TASK DIRECTIONS:
Print the line that contains "Some of the words" and every line that follows it in the data below, ending with the final line; include nothing else.

RECORDED DATA:
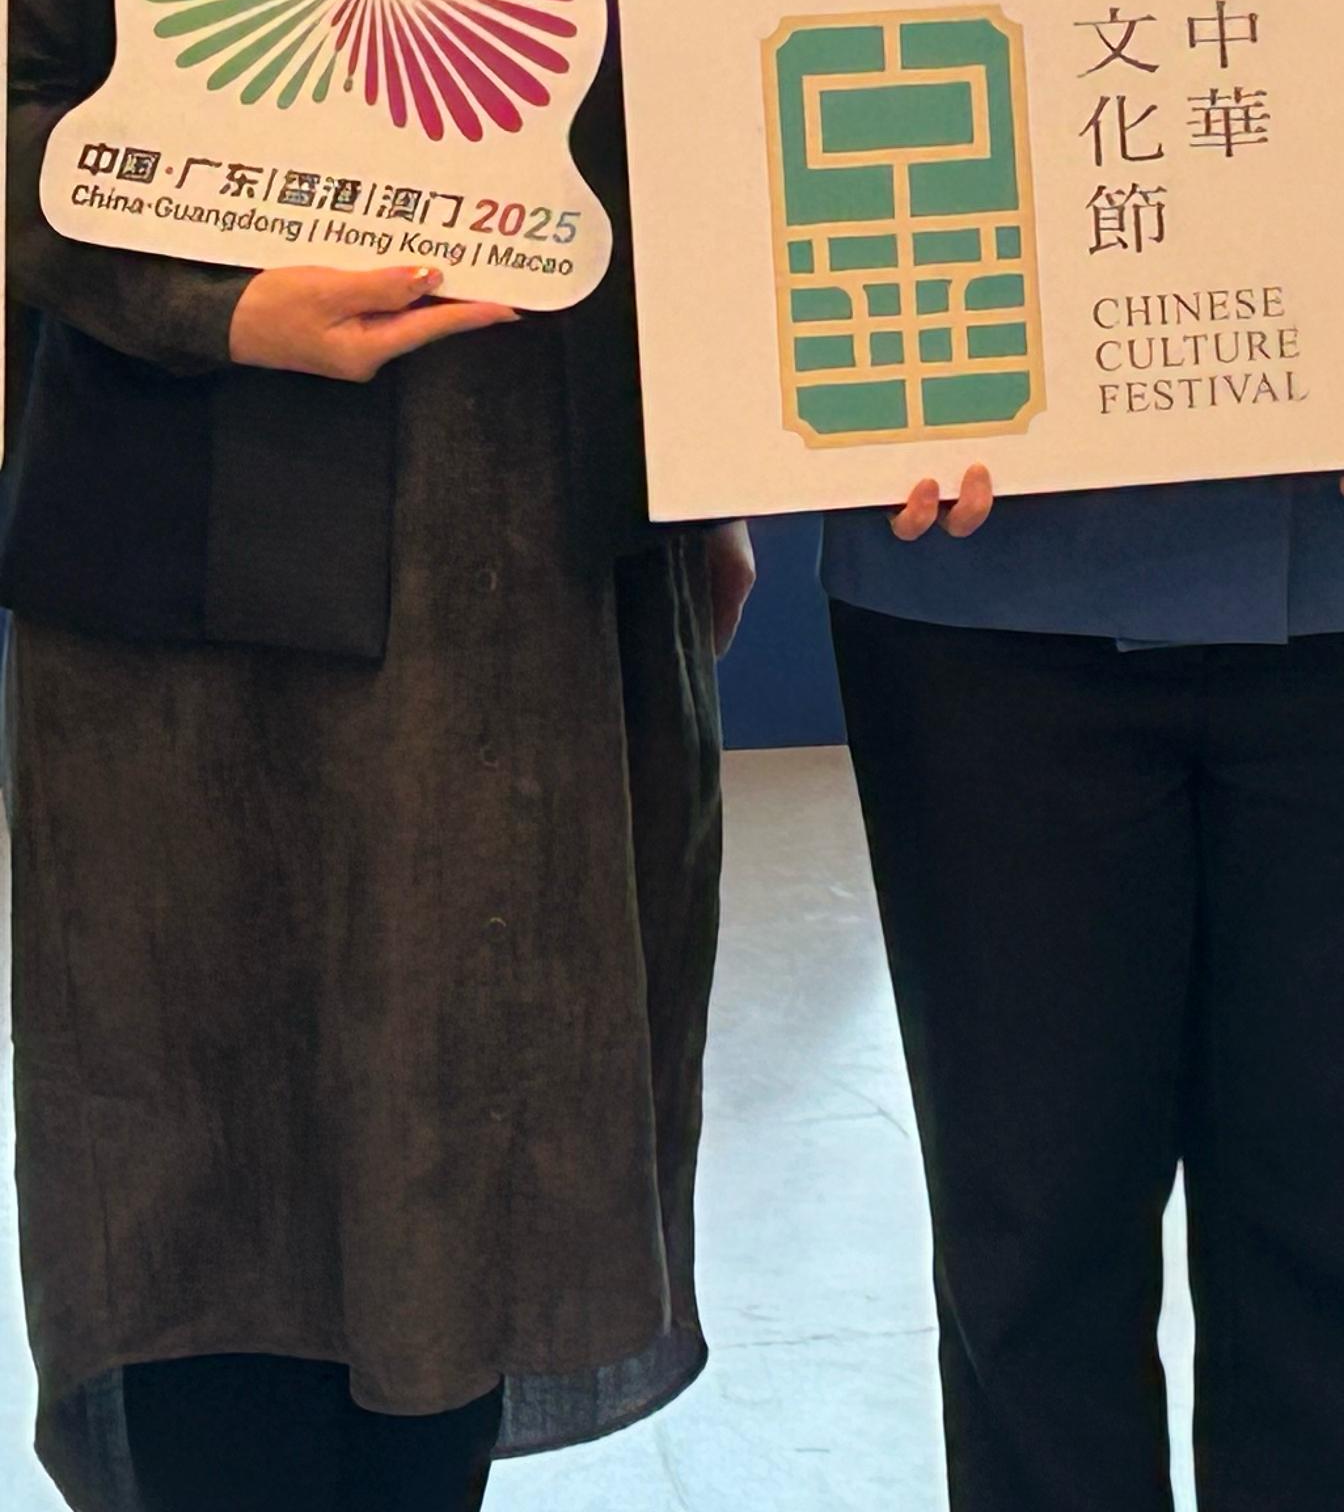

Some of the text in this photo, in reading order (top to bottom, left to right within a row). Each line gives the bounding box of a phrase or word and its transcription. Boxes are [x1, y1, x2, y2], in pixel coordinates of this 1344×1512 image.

[1186, 0, 1271, 157] 中華
[1073, 7, 1167, 255] 文化節
[469, 198, 582, 244] 2025
[324, 220, 393, 255] Hong
[400, 232, 466, 266] Kong
[487, 244, 574, 276] Macao
[1093, 286, 1285, 330] CHINESE
[1095, 327, 1300, 372] CULTURE
[1099, 371, 1310, 414] FESTIVAL
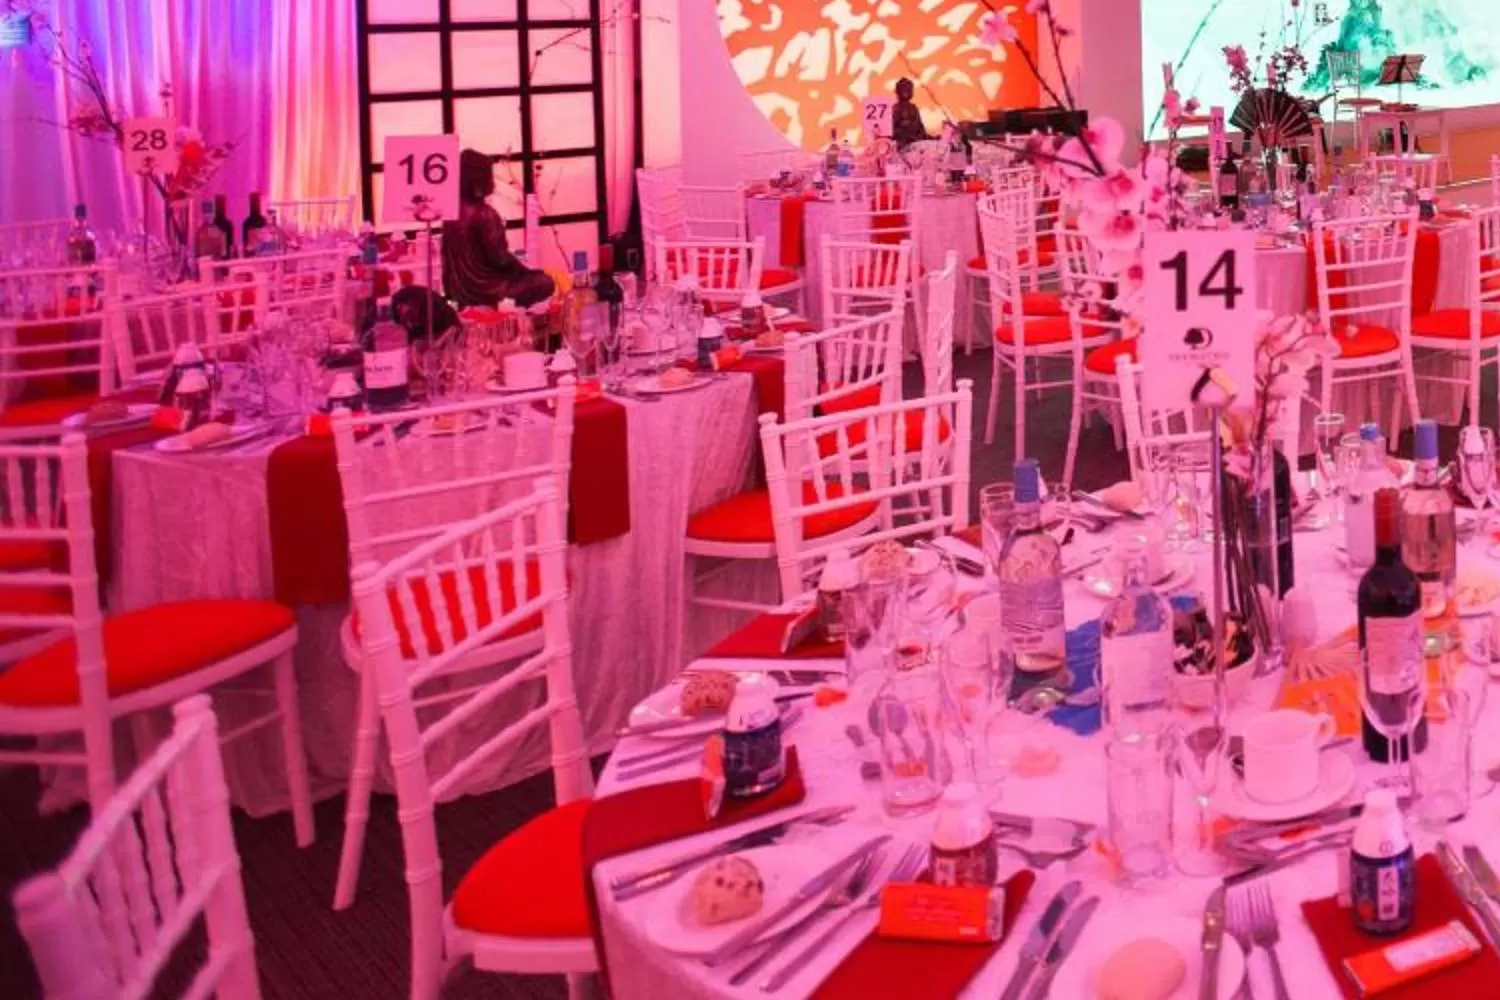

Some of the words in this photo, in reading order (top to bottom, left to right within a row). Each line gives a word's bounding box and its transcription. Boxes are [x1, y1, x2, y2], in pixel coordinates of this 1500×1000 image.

[866, 103, 887, 120] 27
[131, 129, 168, 151] 28
[399, 152, 448, 185] 16
[1159, 249, 1244, 311] 14

ANSWER BOX:
Some of the words in this photo, in reading order (top to bottom, left to right within a row). Each line gives a word's bounding box and its transcription. Boxes are [x1, y1, x2, y2], in pixel coordinates of this 1500×1000 image.

[866, 103, 887, 120] 27
[131, 129, 168, 151] 28
[399, 152, 448, 185] 16
[1159, 249, 1244, 311] 14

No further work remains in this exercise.